## WHAT IS BEING ASKED
Restate every line below word for word, but drop each picture.

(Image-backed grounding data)
┌──
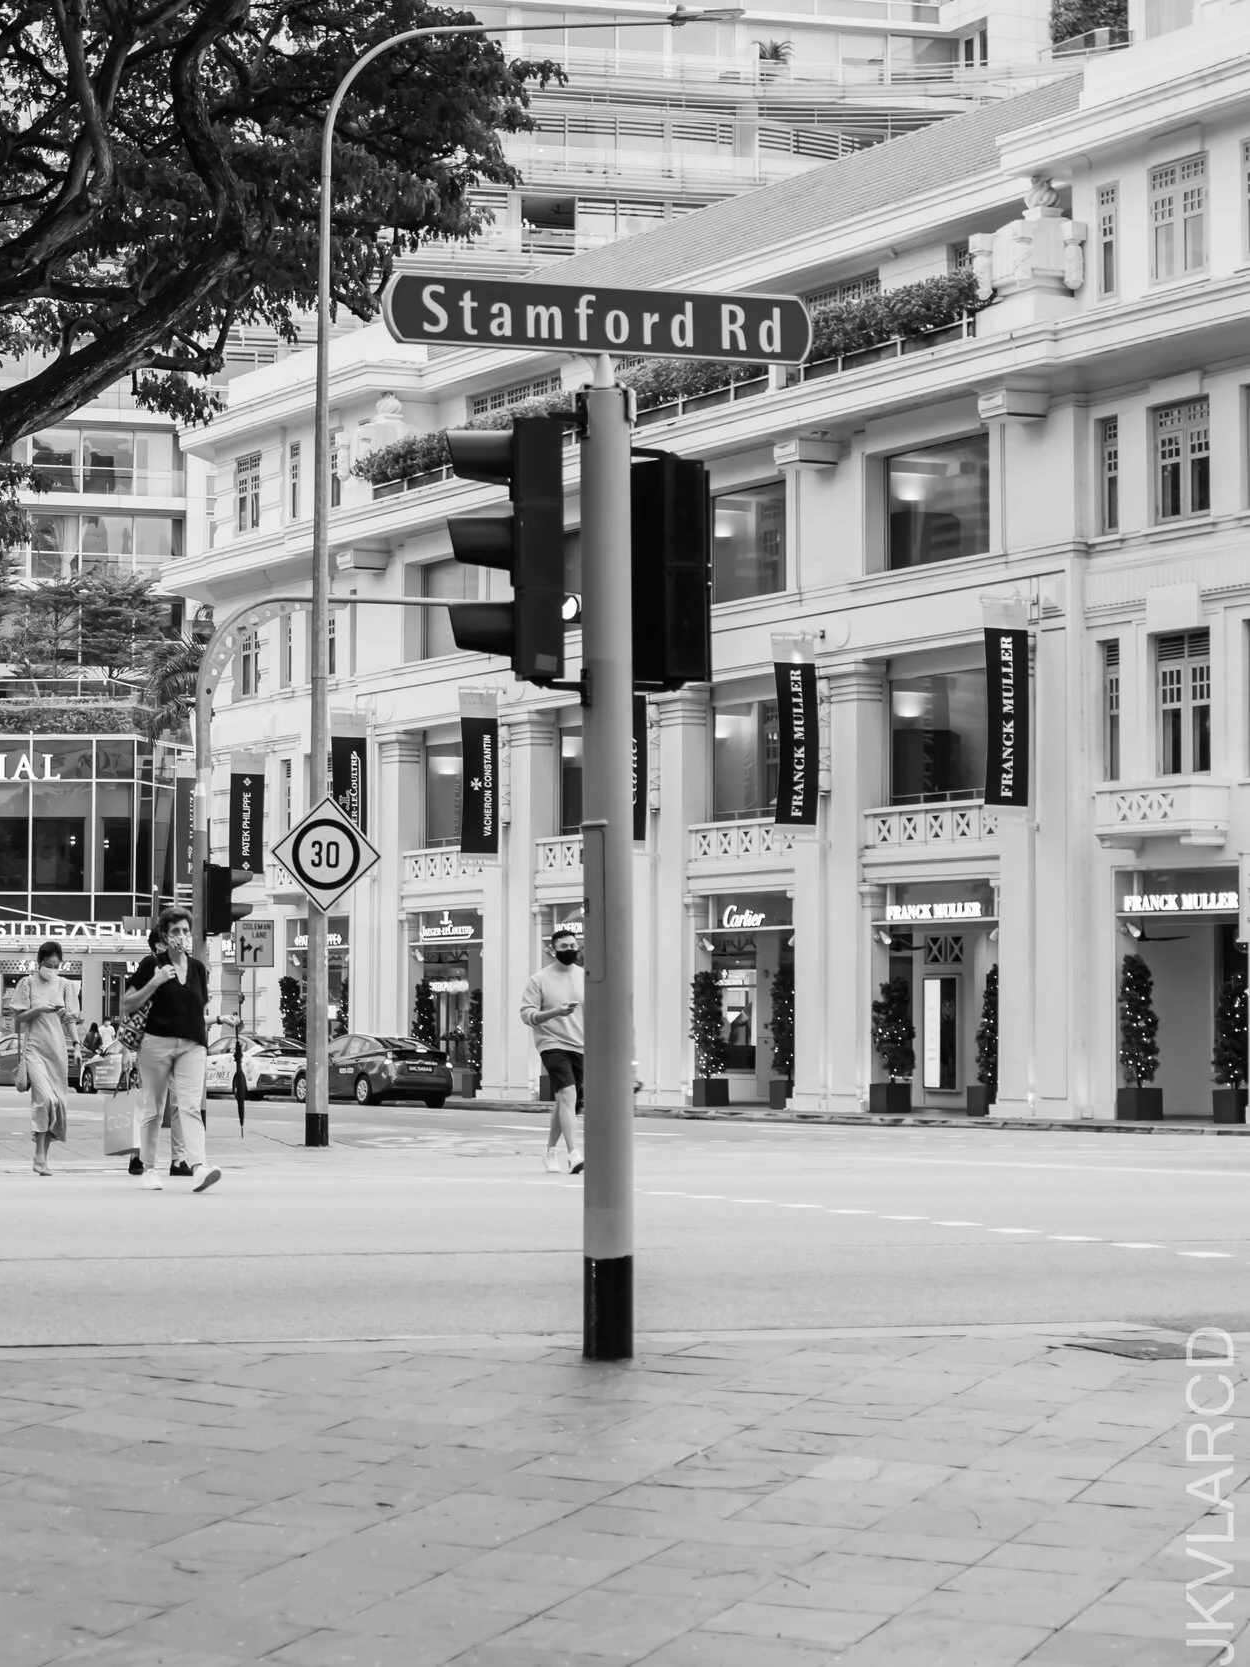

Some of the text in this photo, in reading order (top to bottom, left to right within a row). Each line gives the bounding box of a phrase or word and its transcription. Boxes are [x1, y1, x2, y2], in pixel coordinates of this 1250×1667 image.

[421, 284, 782, 354] Stamford Rd
[1000, 636, 1014, 798] FRANCK MULLER
[790, 669, 805, 818] FRANCK MULLER
[483, 734, 493, 837] VACHERON CONSTANTIN
[242, 791, 251, 856] PATEK PHILIPPE
[310, 840, 340, 868] 30
[722, 904, 766, 928] Cartier
[886, 902, 981, 920] FRANCK MULLER
[1124, 892, 1239, 911] FRANCK MULLER
[252, 931, 267, 939] LANE
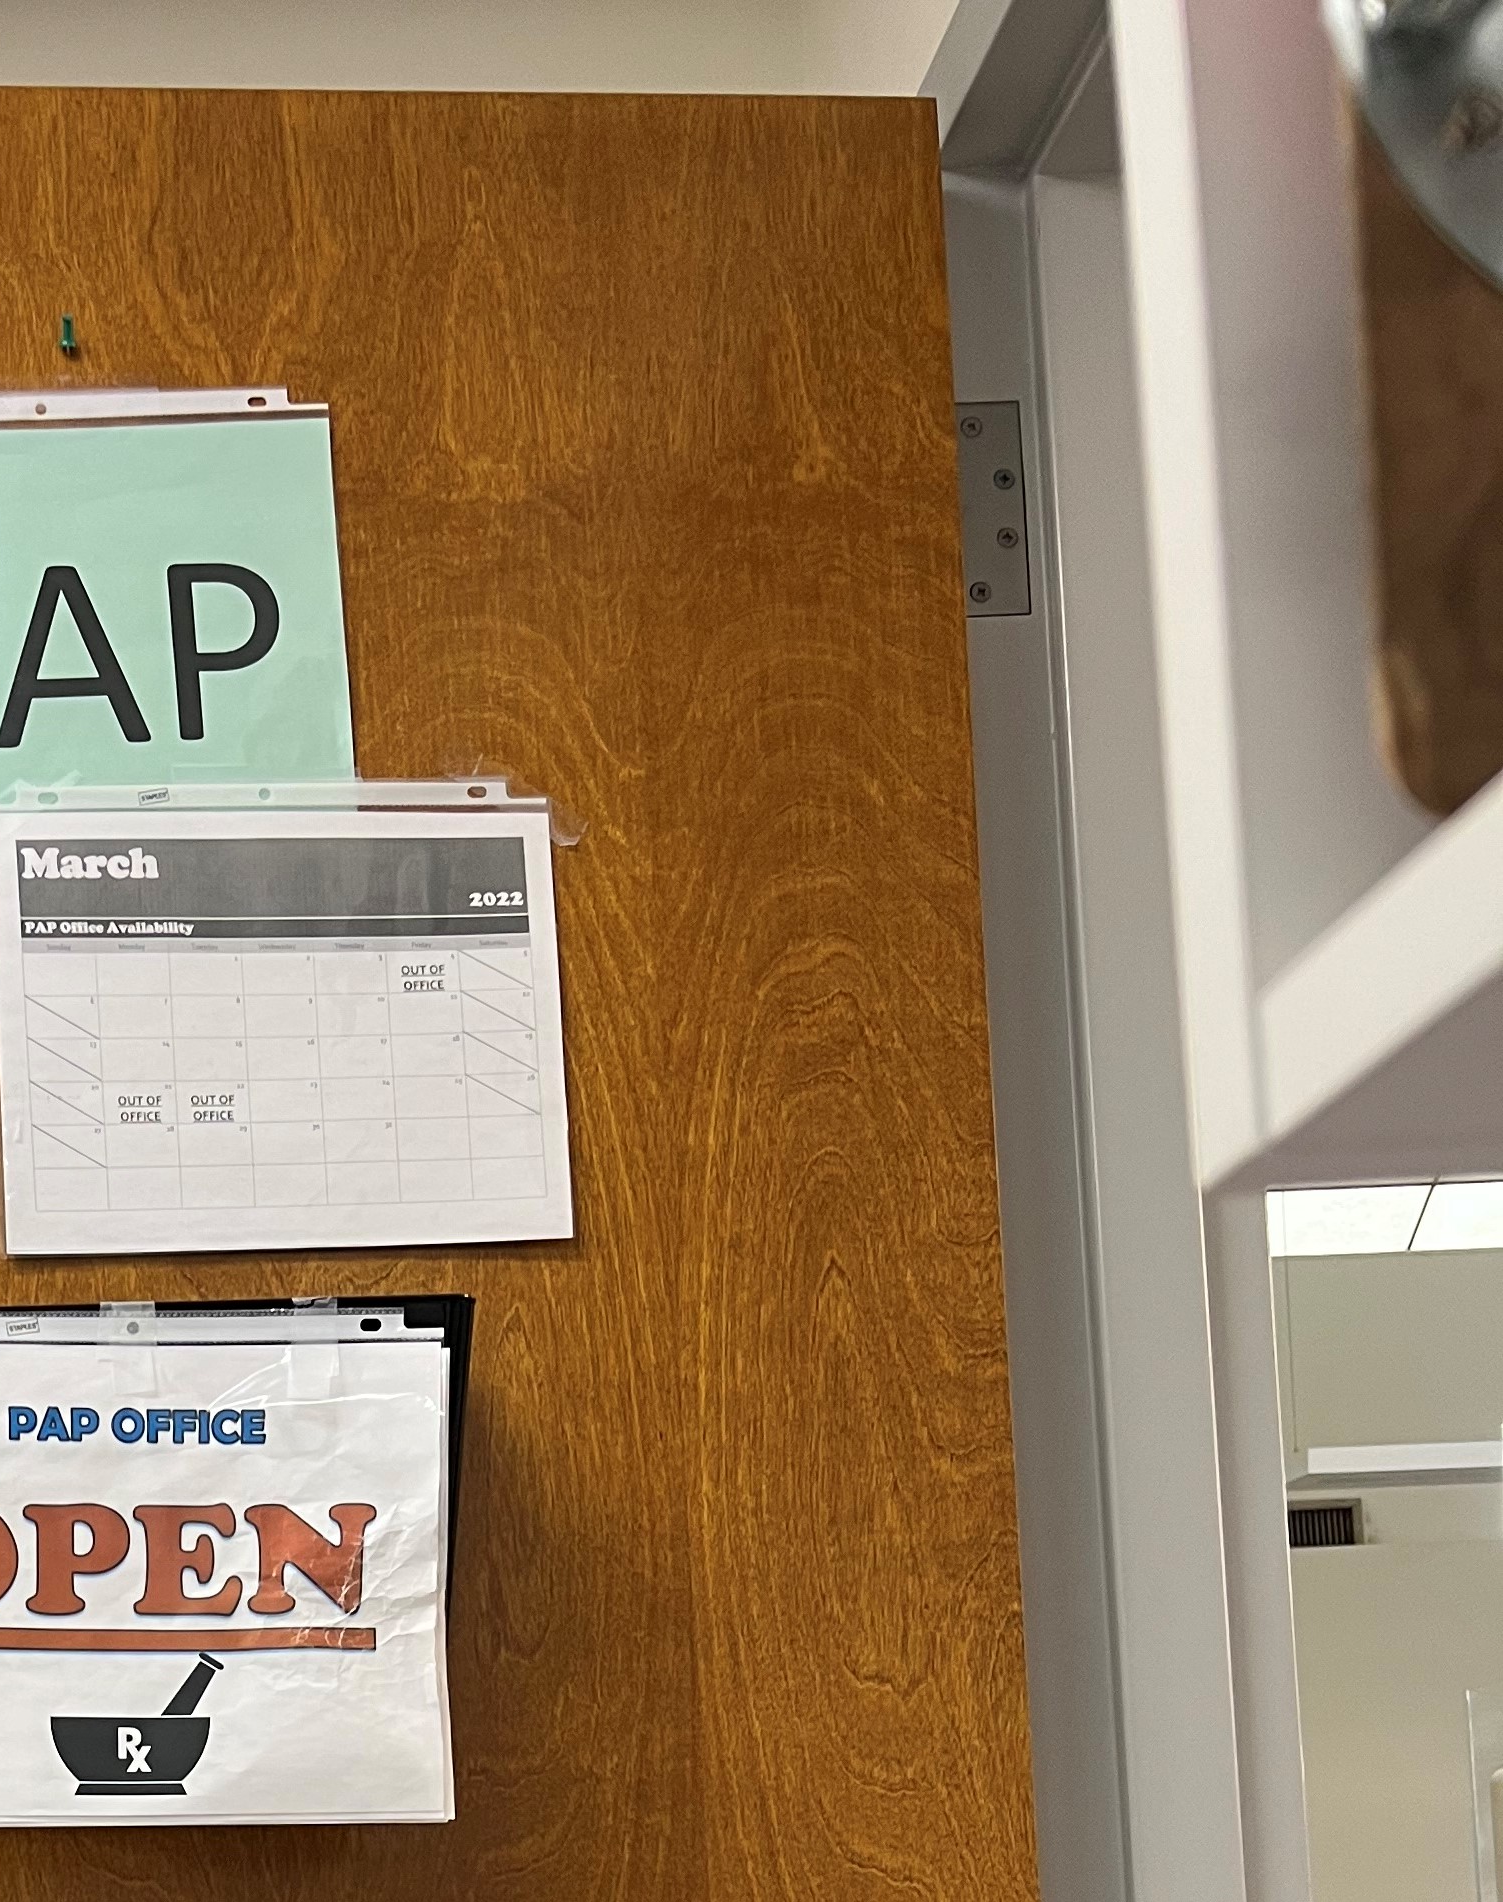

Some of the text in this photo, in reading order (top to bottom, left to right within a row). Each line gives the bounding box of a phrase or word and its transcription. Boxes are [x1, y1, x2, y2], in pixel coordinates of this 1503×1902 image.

[21, 848, 159, 879] March
[469, 892, 523, 907] 2022
[24, 920, 195, 937] PAP Office Availability
[401, 964, 445, 976] OUT OF
[404, 980, 444, 992] OFFICE
[118, 1095, 162, 1106] OUT OF
[190, 1095, 235, 1105] OUT OF
[121, 1112, 161, 1123] OFFICE
[194, 1111, 234, 1123] OFFICE
[8, 1406, 266, 1445] PAP OFFICE
└──
## ANSWER FOR THE TASK
Some of the text in this photo, in reading order (top to bottom, left to right within a row). Each line gives the bounding box of a phrase or word and its transcription. Boxes are [x1, y1, x2, y2], in pixel coordinates of this 1250×1667 image.

[421, 284, 782, 354] Stamford Rd
[1000, 636, 1014, 798] FRANCK MULLER
[790, 669, 805, 818] FRANCK MULLER
[483, 734, 493, 837] VACHERON CONSTANTIN
[242, 791, 251, 856] PATEK PHILIPPE
[310, 840, 340, 868] 30
[722, 904, 766, 928] Cartier
[886, 902, 981, 920] FRANCK MULLER
[1124, 892, 1239, 911] FRANCK MULLER
[252, 931, 267, 939] LANE

Some of the text in this photo, in reading order (top to bottom, left to right within a row). Each line gives the bounding box of a phrase or word and its transcription. Boxes are [x1, y1, x2, y2], in pixel coordinates of this 1503×1902 image.

[21, 848, 159, 879] March
[469, 892, 523, 907] 2022
[24, 920, 195, 937] PAP Office Availability
[401, 964, 445, 976] OUT OF
[404, 980, 444, 992] OFFICE
[118, 1095, 162, 1106] OUT OF
[190, 1095, 235, 1105] OUT OF
[121, 1112, 161, 1123] OFFICE
[194, 1111, 234, 1123] OFFICE
[8, 1406, 266, 1445] PAP OFFICE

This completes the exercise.